## Data for analysis

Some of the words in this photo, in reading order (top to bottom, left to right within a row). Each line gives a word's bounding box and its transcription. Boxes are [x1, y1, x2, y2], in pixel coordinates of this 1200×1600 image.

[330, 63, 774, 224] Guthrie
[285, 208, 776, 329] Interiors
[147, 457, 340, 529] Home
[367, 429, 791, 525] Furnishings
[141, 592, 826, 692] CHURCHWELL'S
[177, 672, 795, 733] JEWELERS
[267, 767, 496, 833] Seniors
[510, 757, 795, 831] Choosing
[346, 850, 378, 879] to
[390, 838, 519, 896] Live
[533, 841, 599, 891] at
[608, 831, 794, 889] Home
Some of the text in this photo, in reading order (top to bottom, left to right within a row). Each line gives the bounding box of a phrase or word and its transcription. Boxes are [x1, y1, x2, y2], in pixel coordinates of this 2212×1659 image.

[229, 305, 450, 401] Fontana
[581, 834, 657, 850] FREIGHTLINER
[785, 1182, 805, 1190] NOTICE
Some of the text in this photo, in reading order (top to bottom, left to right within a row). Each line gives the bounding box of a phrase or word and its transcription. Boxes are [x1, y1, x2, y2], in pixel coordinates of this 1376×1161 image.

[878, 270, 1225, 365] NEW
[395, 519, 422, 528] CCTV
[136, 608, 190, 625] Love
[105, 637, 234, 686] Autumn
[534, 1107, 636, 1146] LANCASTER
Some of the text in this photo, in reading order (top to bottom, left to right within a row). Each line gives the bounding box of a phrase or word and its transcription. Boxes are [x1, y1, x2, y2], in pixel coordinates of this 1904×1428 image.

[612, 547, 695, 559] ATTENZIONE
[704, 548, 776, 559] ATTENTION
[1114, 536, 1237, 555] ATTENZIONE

## Your task
Transcribe every record above exactly as written.

## Response for this exercise
Some of the words in this photo, in reading order (top to bottom, left to right within a row). Each line gives a word's bounding box and its transcription. Boxes are [x1, y1, x2, y2], in pixel coordinates of this 1200×1600 image.

[330, 63, 774, 224] Guthrie
[285, 208, 776, 329] Interiors
[147, 457, 340, 529] Home
[367, 429, 791, 525] Furnishings
[141, 592, 826, 692] CHURCHWELL'S
[177, 672, 795, 733] JEWELERS
[267, 767, 496, 833] Seniors
[510, 757, 795, 831] Choosing
[346, 850, 378, 879] to
[390, 838, 519, 896] Live
[533, 841, 599, 891] at
[608, 831, 794, 889] Home
Some of the text in this photo, in reading order (top to bottom, left to right within a row). Each line gives the bounding box of a phrase or word and its transcription. Boxes are [x1, y1, x2, y2], in pixel coordinates of this 2212×1659 image.

[229, 305, 450, 401] Fontana
[581, 834, 657, 850] FREIGHTLINER
[785, 1182, 805, 1190] NOTICE
Some of the text in this photo, in reading order (top to bottom, left to right within a row). Each line gives the bounding box of a phrase or word and its transcription. Boxes are [x1, y1, x2, y2], in pixel coordinates of this 1376×1161 image.

[878, 270, 1225, 365] NEW
[395, 519, 422, 528] CCTV
[136, 608, 190, 625] Love
[105, 637, 234, 686] Autumn
[534, 1107, 636, 1146] LANCASTER
Some of the text in this photo, in reading order (top to bottom, left to right within a row). Each line gives the bounding box of a phrase or word and its transcription. Boxes are [x1, y1, x2, y2], in pixel coordinates of this 1904×1428 image.

[612, 547, 695, 559] ATTENZIONE
[704, 548, 776, 559] ATTENTION
[1114, 536, 1237, 555] ATTENZIONE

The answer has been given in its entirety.